Senators Criticize Funds for Health Services for Veterans Included in Budget Proposal Released by President Bush
Republican and Democratic senators on Tuesday said that President Bush's fiscal year 2006 budget proposal would not provide enough funding to maintain current levels of health services for veterans, and the problem would be exacerbated by soldiers returning from Afghanistan and Iraq, the New York Times reports (Pear, New York Times, 2/16).

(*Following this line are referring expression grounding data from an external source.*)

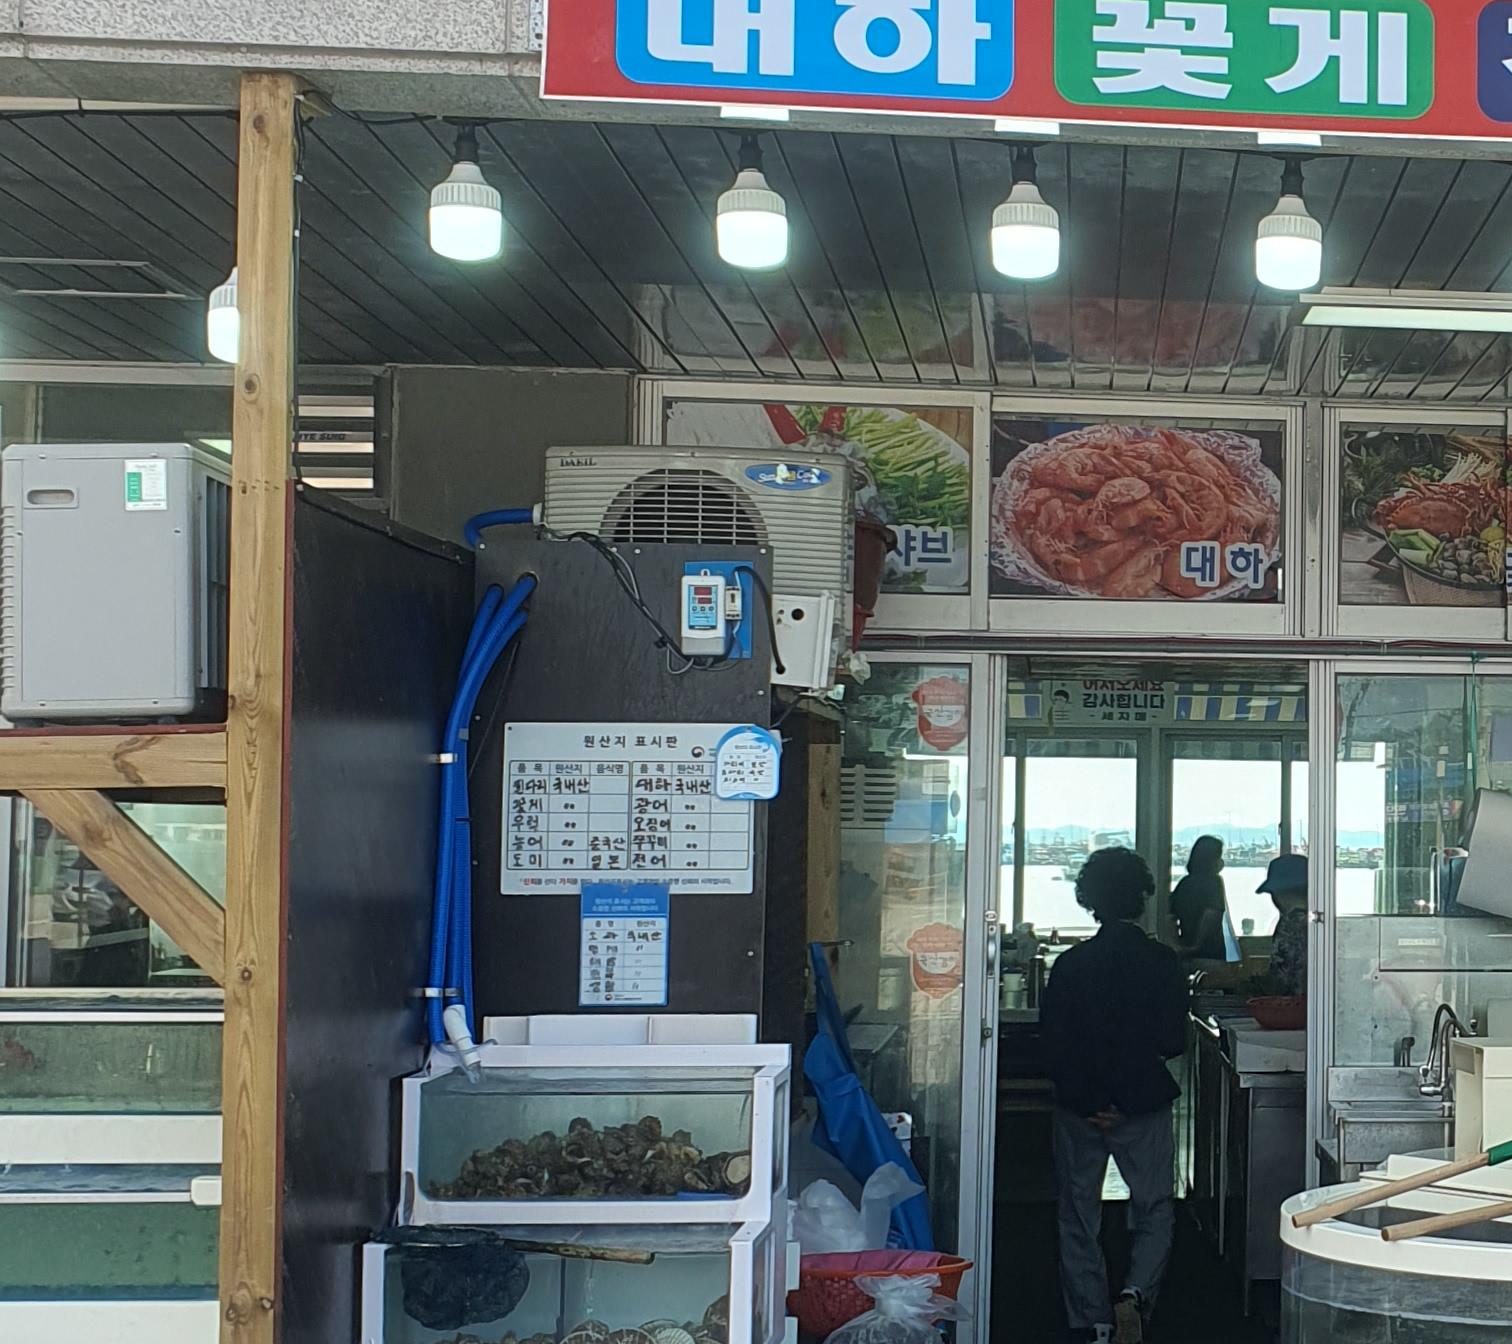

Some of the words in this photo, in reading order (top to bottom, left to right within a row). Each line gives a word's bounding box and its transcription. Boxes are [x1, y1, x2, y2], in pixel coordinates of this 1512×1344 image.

[1185, 545, 1264, 585] 대하
[1083, 693, 1165, 709] 감사합니다
[584, 735, 626, 748] 원산지
[634, 735, 678, 749] 표시판
[553, 777, 590, 794] 국내산
[675, 778, 712, 795] 국내산
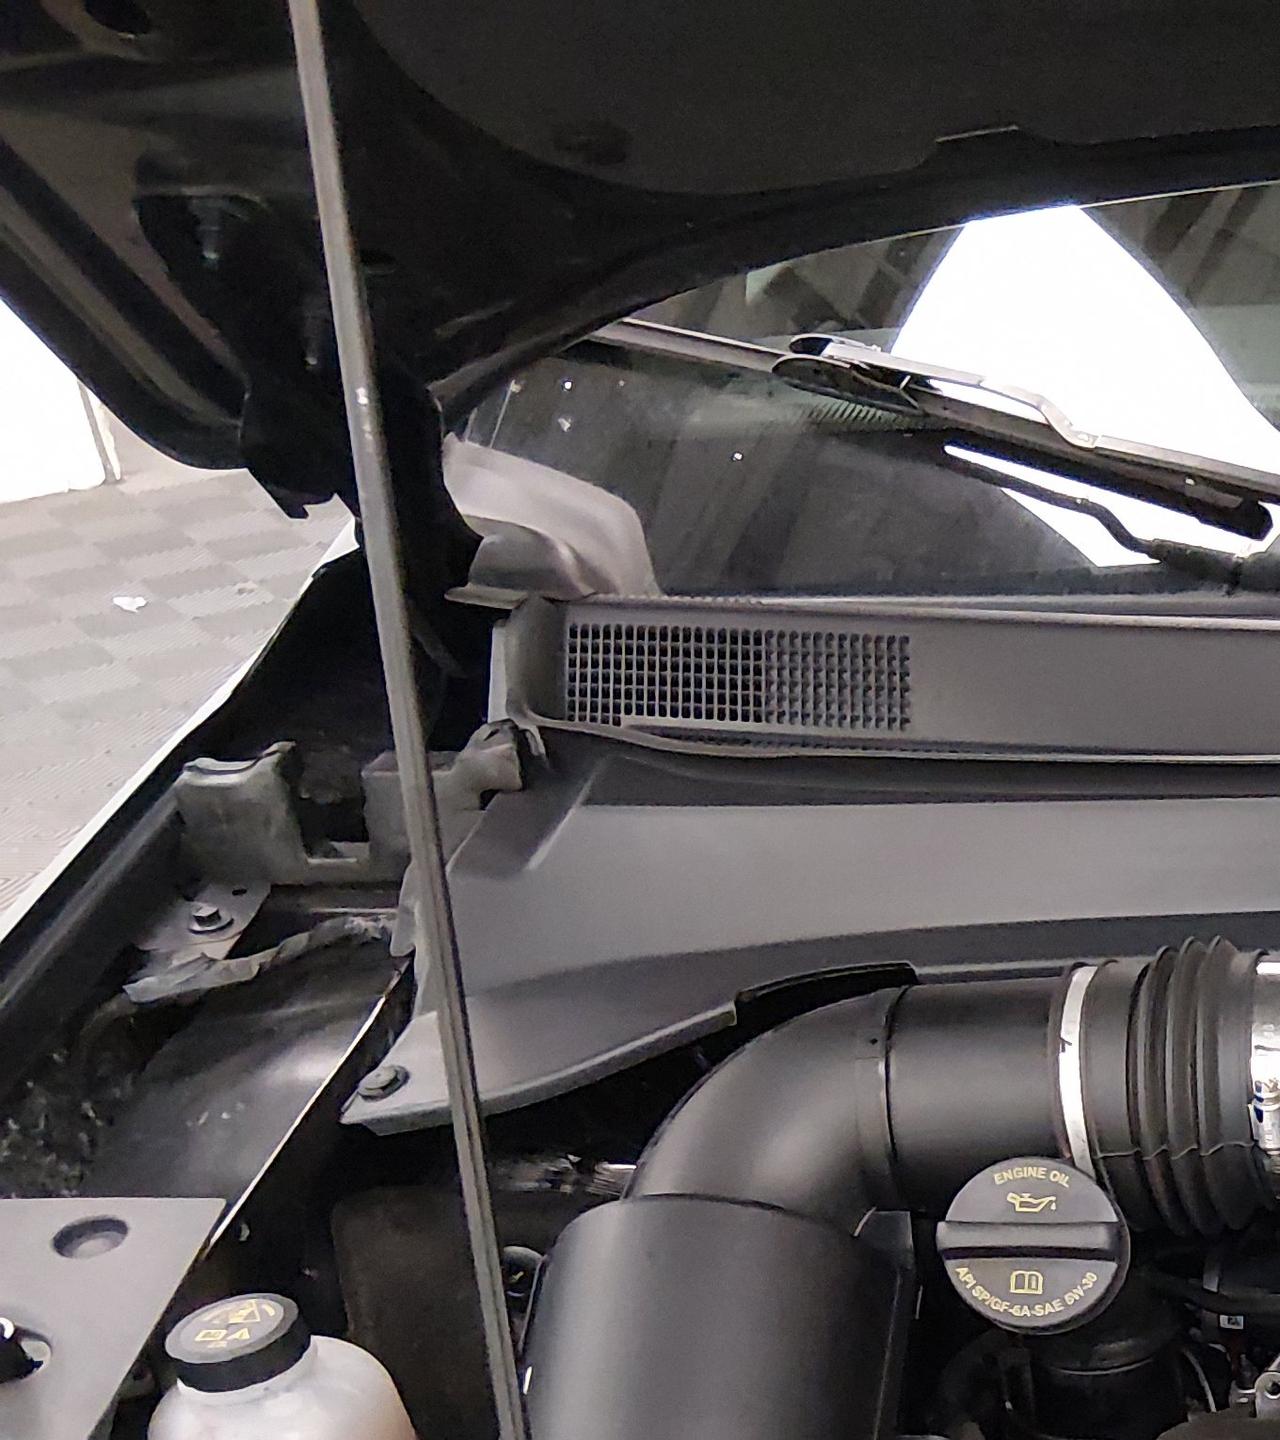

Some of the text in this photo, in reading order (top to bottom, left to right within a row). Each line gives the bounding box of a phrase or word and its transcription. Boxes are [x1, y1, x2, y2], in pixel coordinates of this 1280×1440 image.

[993, 1166, 1070, 1188] ENGINE OIL
[954, 1267, 977, 1289] API

The budget proposal would require about two million higher-income veterans without service-related medical conditions to pay a $250 annual fee, as well as an $8 increase in copayments for prescription drugs. Under the proposal, total funds for the Department of Veterans Affairs would increase by 1% to $68.2 billion. The budget proposal would eliminate federal funds for a program that provides long-term care for veterans and reduce by $351 million funds for VA nursing home care, which could lead to the elimination of about 5,000 nursing home beds administered by the department (California Healthline, 2/9).

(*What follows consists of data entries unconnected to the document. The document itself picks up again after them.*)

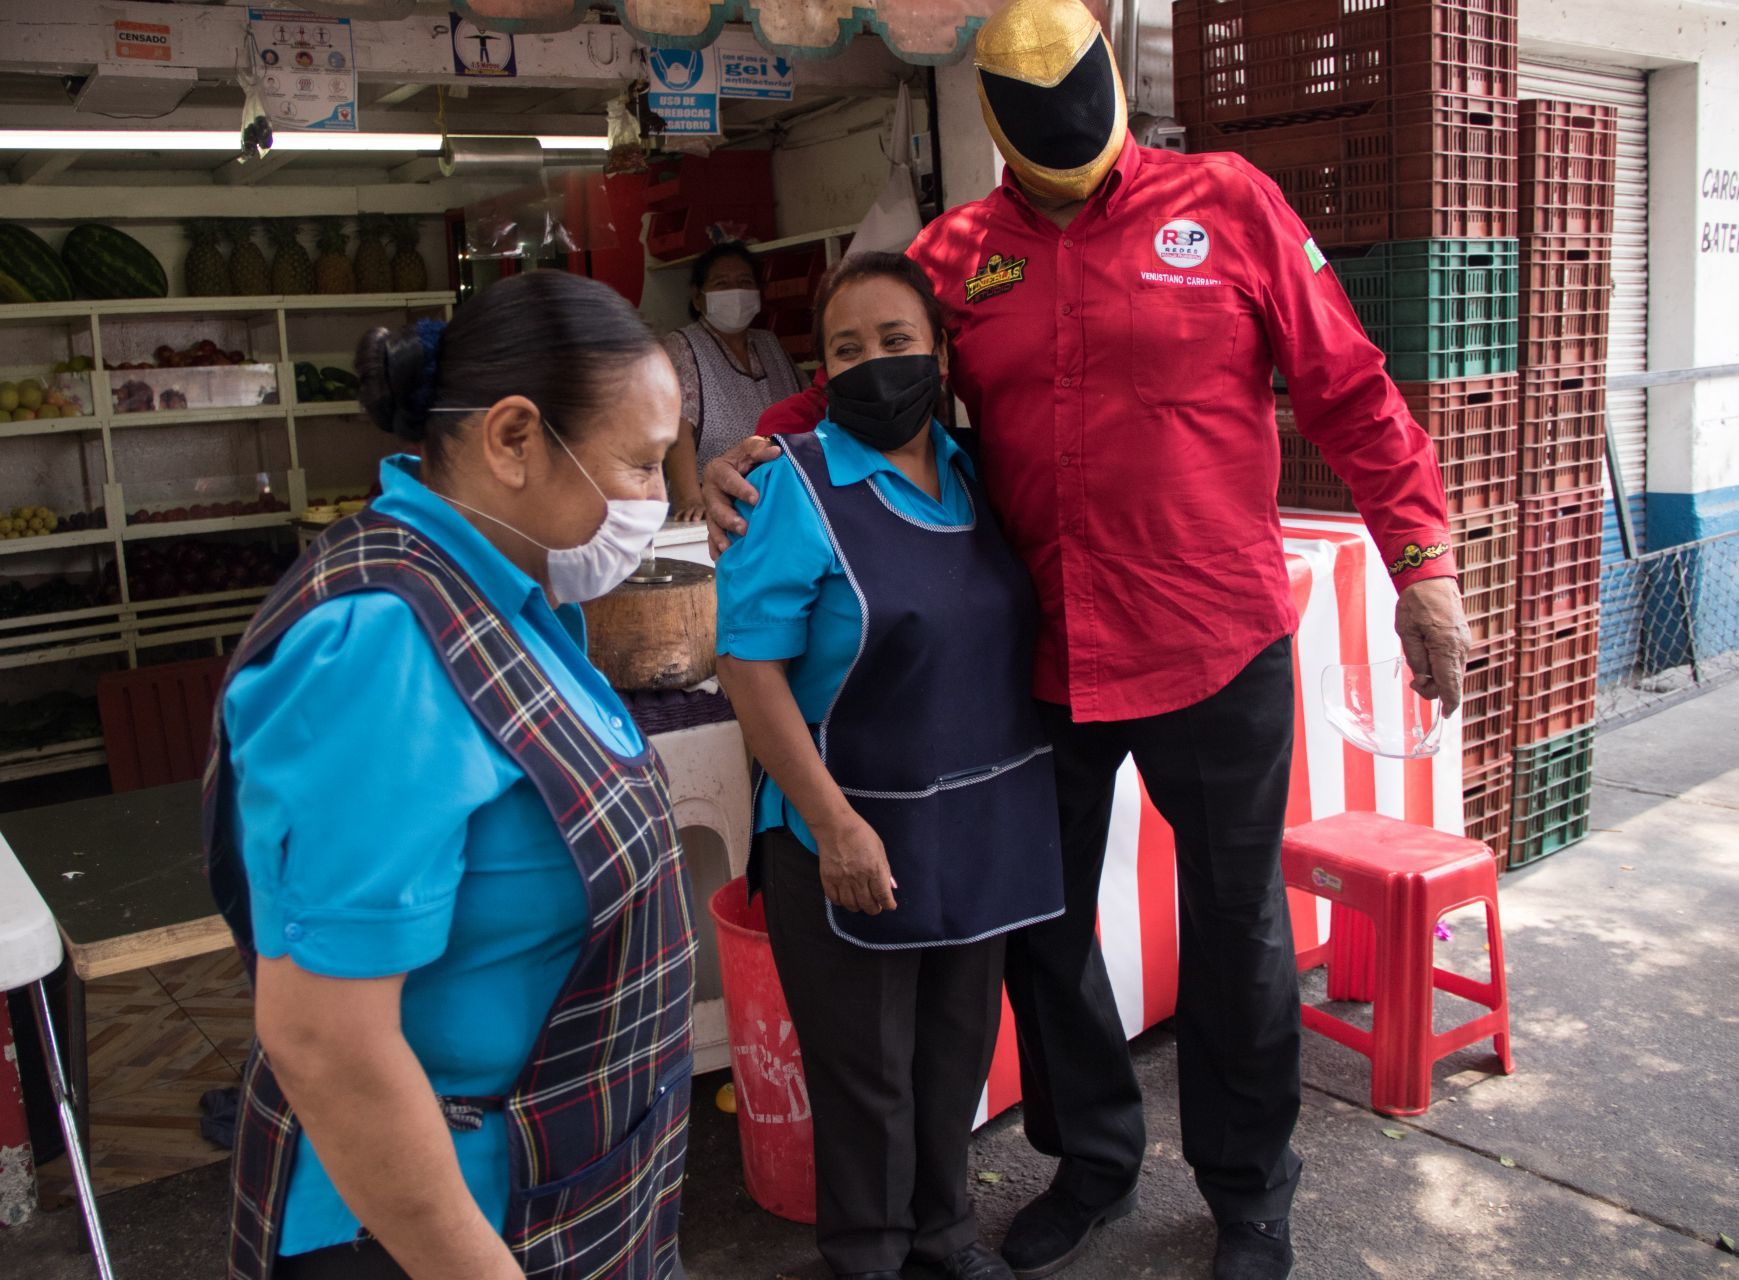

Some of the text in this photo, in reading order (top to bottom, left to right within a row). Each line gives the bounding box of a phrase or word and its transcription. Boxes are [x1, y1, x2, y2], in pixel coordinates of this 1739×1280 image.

[119, 32, 167, 44] CENSADO
[725, 63, 767, 77] gel
[725, 77, 792, 87] antibacterial
[659, 96, 696, 105] USO DE
[651, 108, 710, 118] BREBOCAS
[665, 120, 710, 130] GATORIO
[1702, 168, 1739, 200] CARG
[1162, 229, 1205, 246] RSP
[1701, 222, 1739, 253] BATE
[969, 266, 1021, 294] TINIEBLAS
[1141, 271, 1184, 284] VENUSTIANO

New VA Secretary Jim Nicholson said the department will focus on providing care to "those who are disabled because of their military service, those who are down on their luck, those who are poor and those who have chronic illnesses or special conditions like spinal cord injury." He added, "We have to make tough decisions. We have to set priorities."
Dennis Cullinan, legislative director of the Veterans of Foreign Wars, said, "These cuts, at a time when demand for VA long-term care services is on the rise with a rapidly aging veteran population, are unconscionable and reprehensible."

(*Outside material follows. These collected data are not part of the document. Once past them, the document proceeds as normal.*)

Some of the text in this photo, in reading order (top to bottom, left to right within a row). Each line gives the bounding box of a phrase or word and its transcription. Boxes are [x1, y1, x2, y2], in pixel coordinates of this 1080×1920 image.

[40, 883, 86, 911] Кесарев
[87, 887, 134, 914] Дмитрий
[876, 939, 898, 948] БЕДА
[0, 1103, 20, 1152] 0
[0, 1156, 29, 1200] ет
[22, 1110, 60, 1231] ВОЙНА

Sen. Daniel Akaka (D-Hawaii), the Senate Committee on Veterans' Affairs ranking minority member, also criticized the administration's proposal to save $606 million by restricting nursing home eligibility. He said that the proposed increase in veterans' cost sharing would make it "prohibitively expensive" for some veterans to receive care and would lead to 192,000 veterans dropping out of the health system (New York Times, 2/16).
Sen. Jay Rockefeller (D-W.Va.) said that Nicholson has "a moral burden" to fight Bush's proposed cuts, adding that the proposed cost sharing "won't reach halfway to first base" (CQ HealthBeat, 2/15).
According to Sen. Larry Craig (R-Idaho), chair of the Senate veterans' affairs committee, the federal government would have to spend more than $30.7 billion to maintain current levels of veterans health services in 2006. Although Congress in its last session rejected changes to veterans' cost sharing, Craig said he would consider Bush's proposals "afresh." He added that he senses "unanimous concern on the part of this committee that the budget has some inadequacies" (New York Times, 2/16).
Craig said he expects VA to use its authority to collect $211 million from insurers and related copayments for nonservice-related health services; $200 million in savings from changes to the system's prescription drug formulary; and another $200 million from restricted spending on medical products and reducing medical staff by 3,700 positions (CQ HealthBeat, 2/15).
House Veterans' Affairs Committee Chair Steve Buyer (R-Ind.) "is open to the concept of the president's proposals as they bring balance, fairness and equity into the system," according to his spokesperson Laura Zuckerman (AP/Indianapolis Star, 2/16).
In related news, Sen. John Kerry (D-Mass.) on Tuesday said that he would attempt to attach to Bush's $82 billion supplemental appropriations bill an $8 billion amendment that in part would extend health coverage to members of the National Guard, USA Today reports.
The proposal would allow all National Guard members to receive health coverage regardless of whether they are mobilized. In addition, the proposal would expand coverage for treatment of post-traumatic stress disorder to all veterans who need it, rather than only to those just returning from combat (Squitieri, USA Today, 2/16).